La crocefissione-deposizione di Perez in San Vittore per il periodo pasquale
Una potente scultura in bronzo che sarà visibile, sapientemente illuminata, dal 27 marzo al 10 aprile, tre visite nei prossimi giorni
E' un'opera intensa, in cui il volto del Cristo morto sulla croce è raffigurato nelle fasi della deposizione del corpo, secondo la critica è un autoritratto dello stesso artista autore dell'opera, Augusto Perez. Una scultura potente che attualizza la Passione di Gesù, che si riverbera nelle tante tragedie di cui questo tempo è purtroppo pieno.
L'arrivo in San Vittore
La scultura è arrivata nel primo pomeriggio di oggi, martedì 26 marzo 2024, alla ex chiesa di San Vittore in largo D'Azzo, ed è stata posta proprio sulla soglia della chiesa. E' una mostra di una sola opera (ma che vale moltissimo) curata da Marta Concina, Daniele De Luca e Sandro Parmiggiani, che già curarono l'esposizione dedicata a Francesco Messina.
L'evento artistico viene a completare il clima della Settimana Santa ed è stato promosso dall'Arcidiocesi di Vercelli e da Studio Copernico di Milano, con il quale è in corso da anni una collaborazione per portare in città grandi scultori contemporanei.

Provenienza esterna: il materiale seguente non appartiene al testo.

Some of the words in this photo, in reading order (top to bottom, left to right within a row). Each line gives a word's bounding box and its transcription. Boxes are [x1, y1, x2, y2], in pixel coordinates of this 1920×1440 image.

Evento con il patrocinio e il contributo del Comune di Vercelli e in collaborazione con il Museo del Tesoro del Duomo e l'Associazione Culturale Diocesana, i cui volontari terranno aperte le visite.

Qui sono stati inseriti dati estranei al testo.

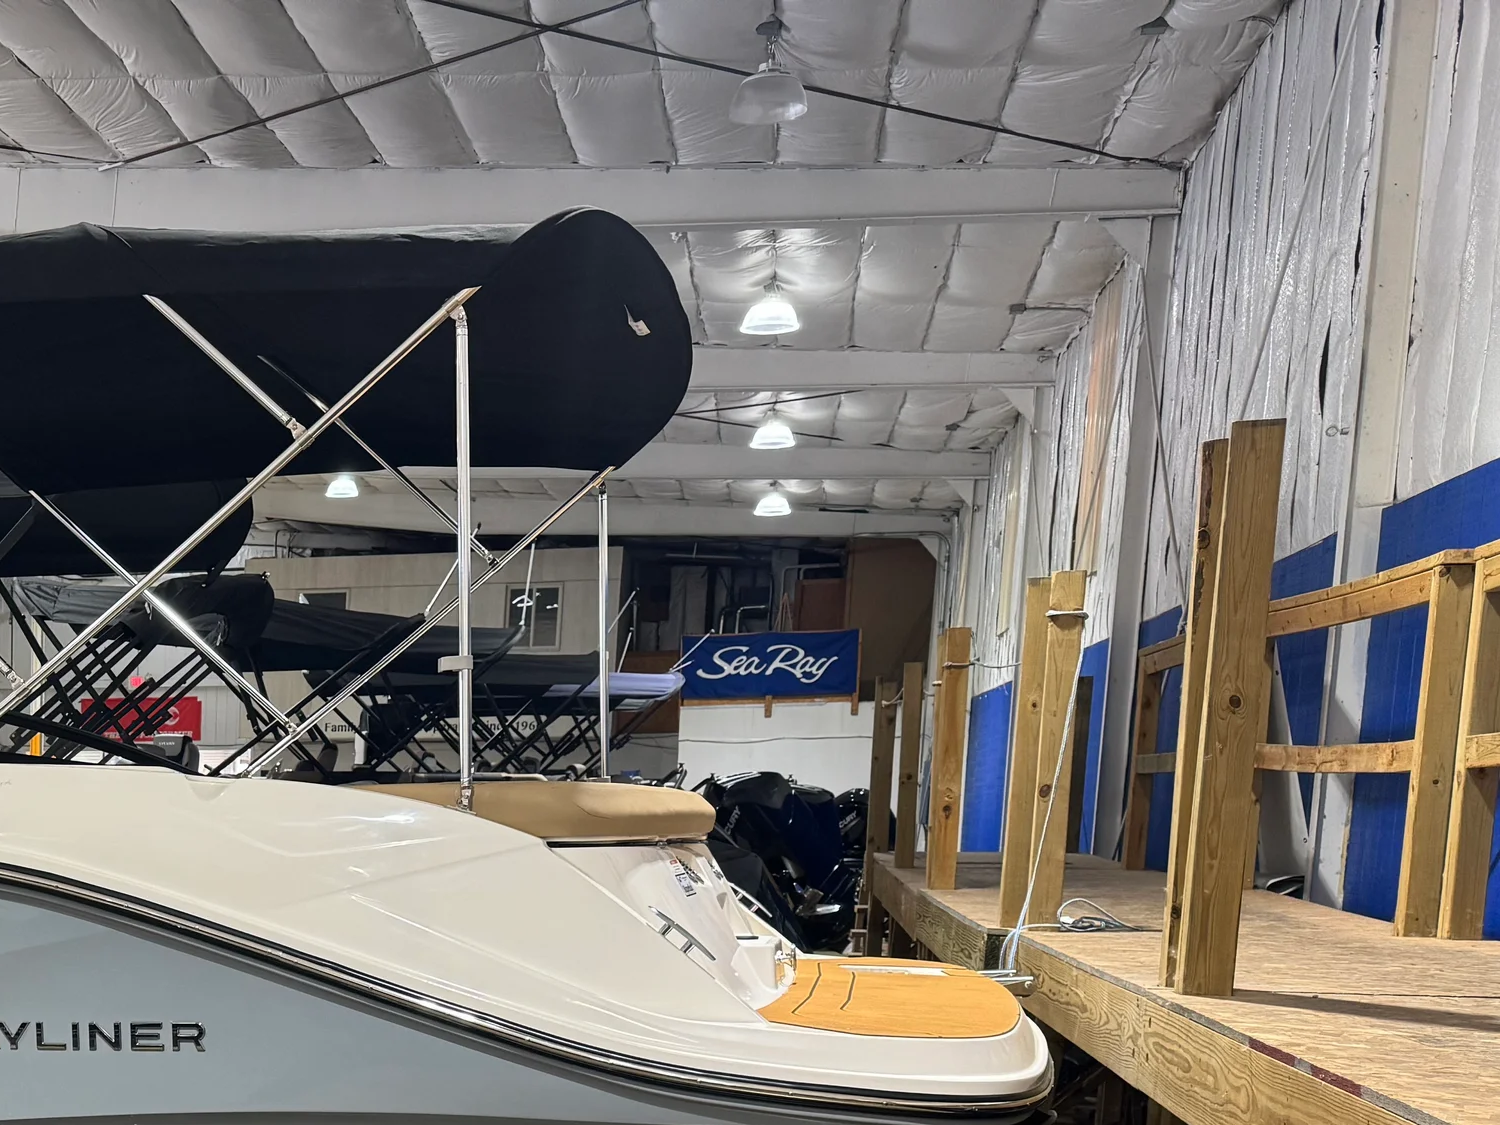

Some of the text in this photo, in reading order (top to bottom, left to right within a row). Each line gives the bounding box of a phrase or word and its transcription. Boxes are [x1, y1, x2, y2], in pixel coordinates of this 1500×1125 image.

[696, 644, 839, 683] Sea Ray
[515, 720, 536, 731] 196
[724, 805, 742, 836] CURY
[838, 810, 857, 829] CURY
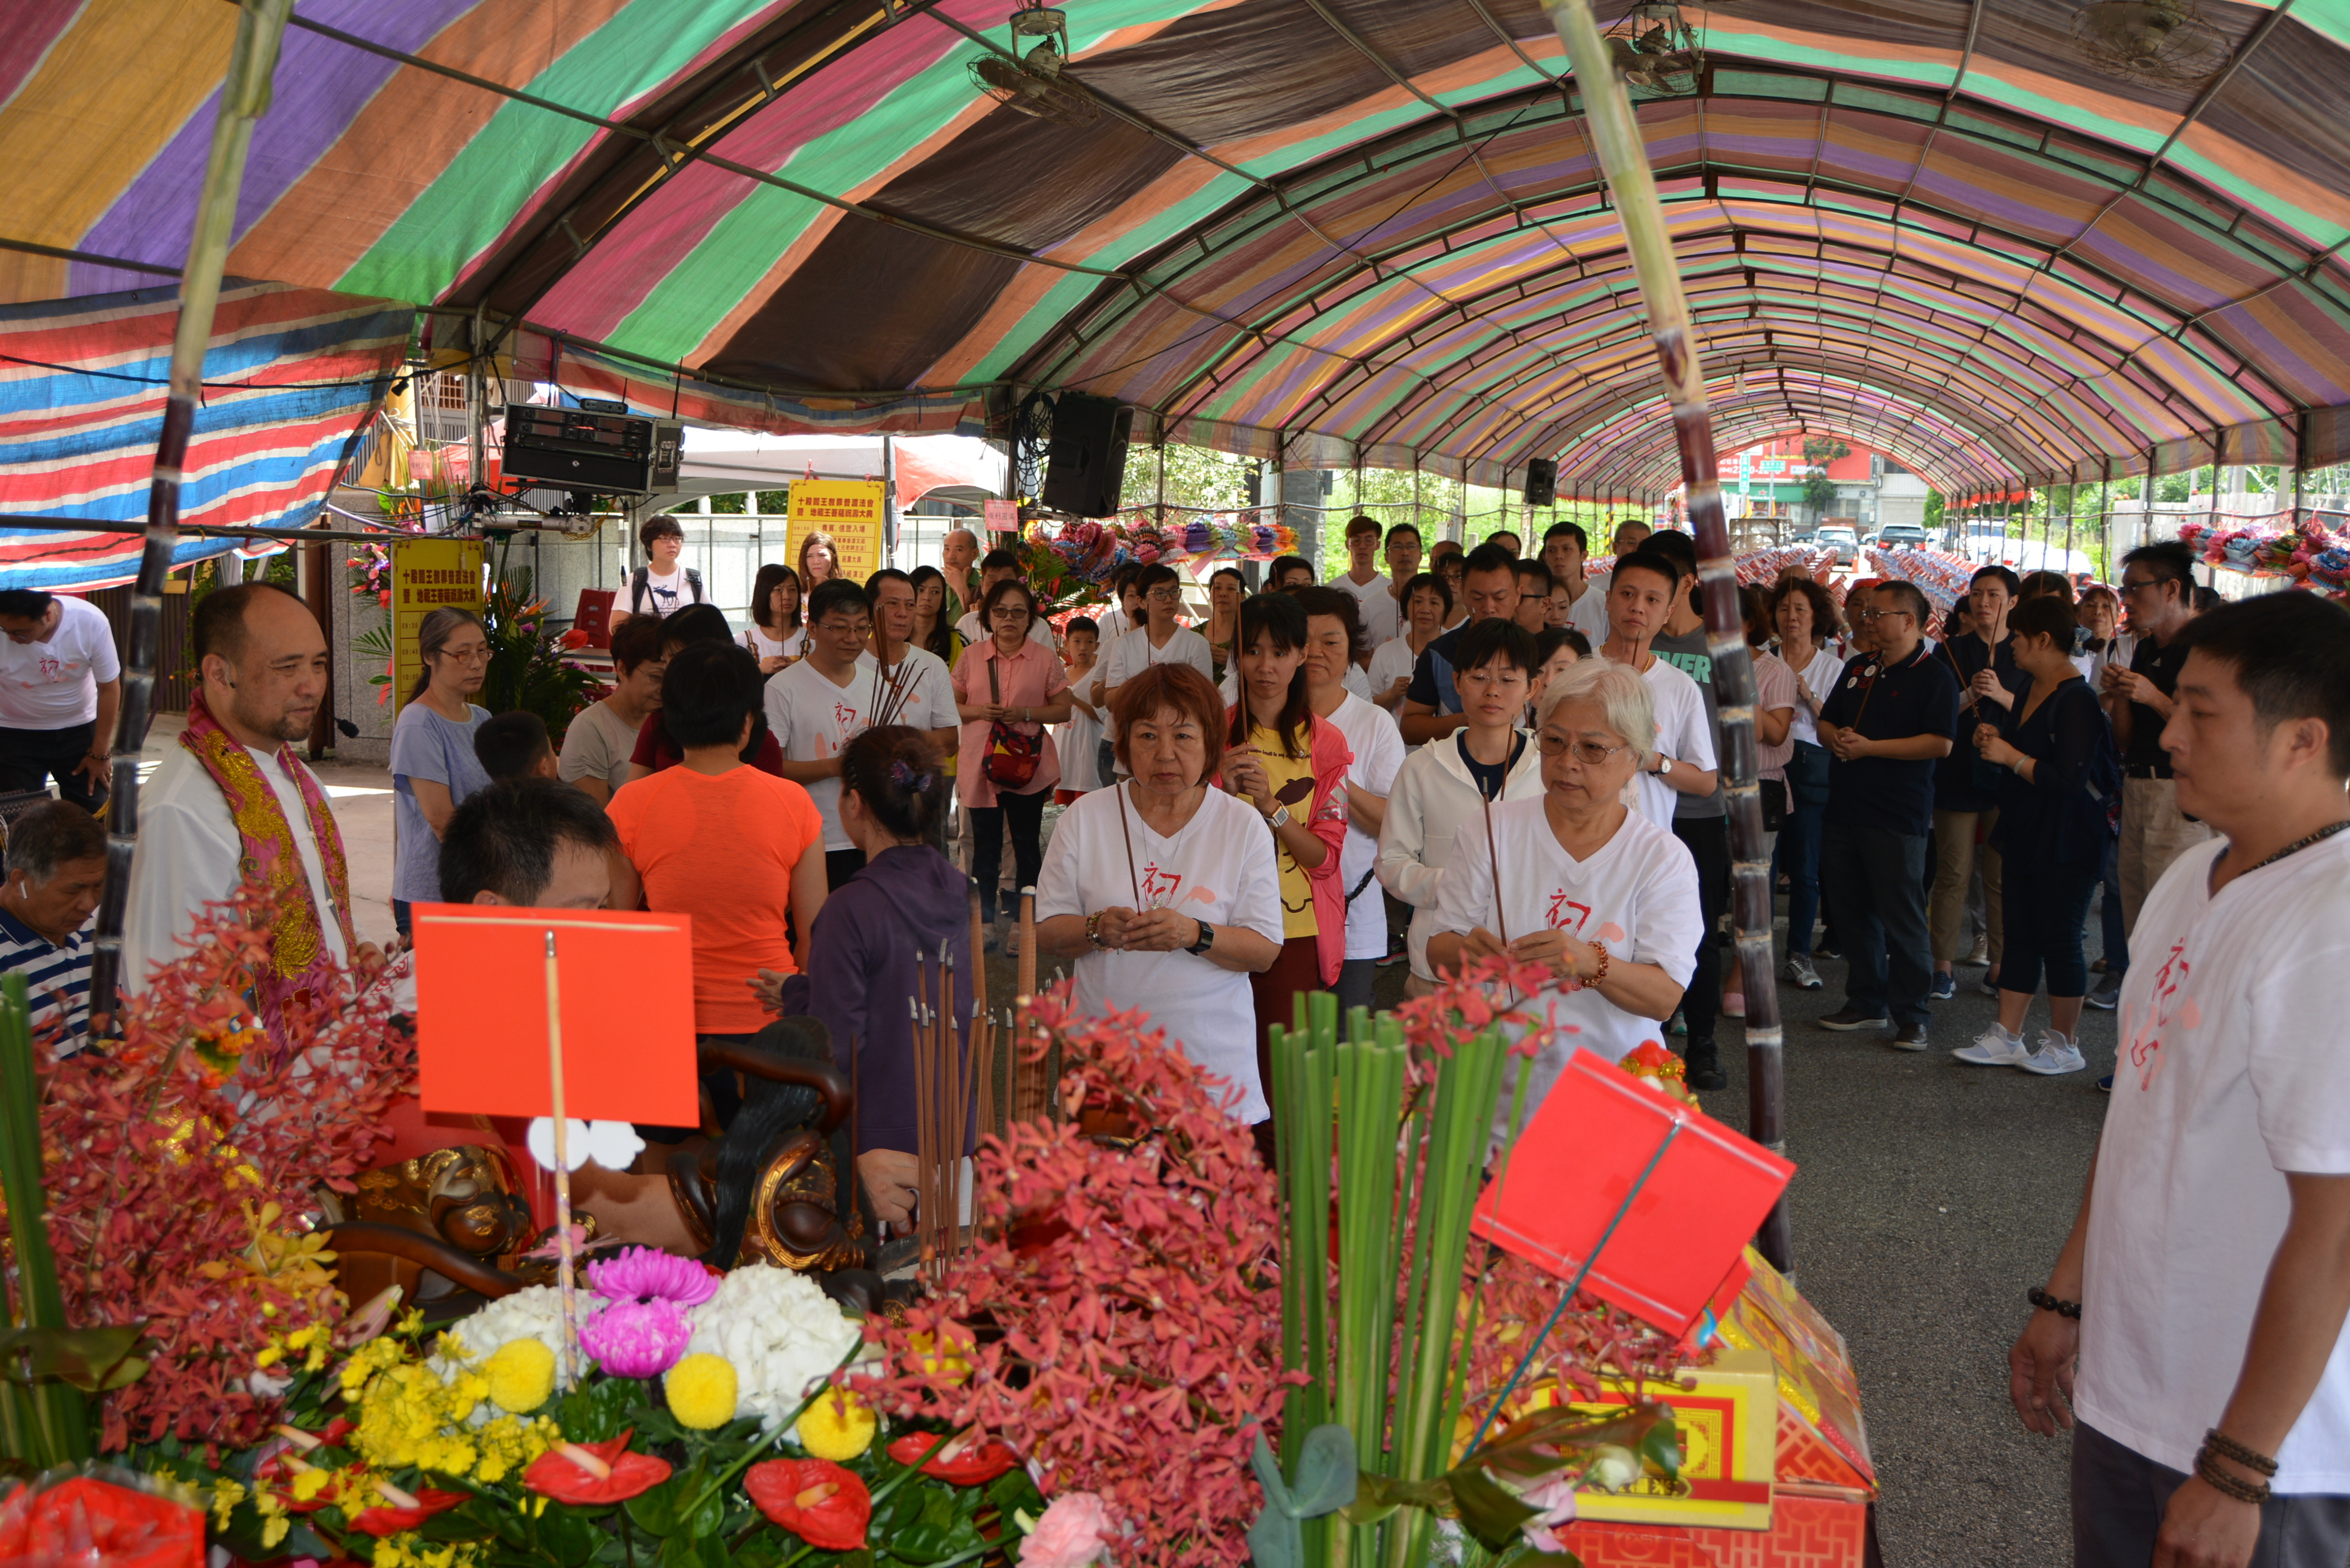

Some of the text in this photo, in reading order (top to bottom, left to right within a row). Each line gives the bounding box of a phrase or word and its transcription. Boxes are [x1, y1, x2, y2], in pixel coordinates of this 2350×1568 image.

[417, 588, 476, 603] 地藏王菩薩祝壽大典

Tre visite nella Settimana Santa
Sono previste tre aperture straordinarie: da mercoledì 27 a venerdì 29 marzo dalle 15 alle 18, su appuntamento, scrivendo alla mail beni.culturali3@arcidiocesi.vc.it. Nelle altre giornate, fino al 10 aprile, sarà visibile dall'esterno della chiesa opportunamente illuminata.
Il reportage con il video testimonia le fasi complesse di scarico della pesante scultura, seguirà un allestimento vero e proprio con le luci adeguate a valorizzare il lavoro.
Può essere utile, per contestualizzare l'opera una scheda con il contributo critico di Sandro Parmiggiani per una precedente esposizione.
La biografia dell'artista
Augusto Perez (Messina, 1929 - Napoli, 2000) ha lasciato un segno indelebile nella scultura italiana della seconda metà del Novecento. I suoi lavori, caratterizzati da un incessante processo di metamorfosi delle forme, che talvolta paiono relitti che si vanno aggregando e compenetrando, fondono memorie personali e dell’arte, evocazioni di miti e di fatti della storia, trasalimenti originati da qualche incubo della notte o dall’amara riflessione sulla condizione umana e sulle “magnifiche sorti e progressive” (Leopardi, La ginestra). Fantasia visionaria e associazioni mentali continuamente germinanti determinano il trattamento della materia, in perenne fermento, investita da movimenti tellurici, scavata e deformata da una luce impietosa e da un’ombra in agguato - qui Perez riprende la lezione di Medardo Rosso -, e il tentativo di dare volto e voce alla contesa tra caos devastante e elevazione “sacrale” che si opponga alla corruzione e al degrado - e qui potremmo fare i nomi di
Giacometti, di Bacon e di Germaine Richier.
La nota di Parmiggiani
"La Crocifissione-Deposizione qui collocata, realizzata in gesso nel 1986 e definitivamente fusa in bronzo nel 1993, è uno degli esiti più alti del delirio e dell’ossessione inscritti nei lavori di Perez: il volto di Cristo è quello stesso dell’artista, che s’intravede da una sorta di finestra-feritoia, con il corpo imprigionato in un’ingabbiatura possente, dalla quale fuoriescono le braccia e le mani, e le gambe non più erette, ormai nella postura della Deposizione - qui sovviene l’aspirazione di Antonin Artaud, il teorico del “teatro della crudeltà”, a ricomporre l’anatomia umana. In basso, ecco le immagini misteriose di un uccello del paradiso e di una figura; sul retro, un’apertura ellittica mostra un frammento della schiena di Cristo, e pare evocare, nell’allusione alla forma della reliquia, le ampolle in cui, a Napoli, si liquefa il sangue di San Gennaro. Una scultura, dunque, questa Crocifissione-Deposizione di Perez, alla quale non si può “passare accanto”, ma che esige uno sguardo lungo, attento, per cercare di carpirne i misteri e l’irrecidibile unità di strazio e di bellezza che l’artista vi ha inscritto".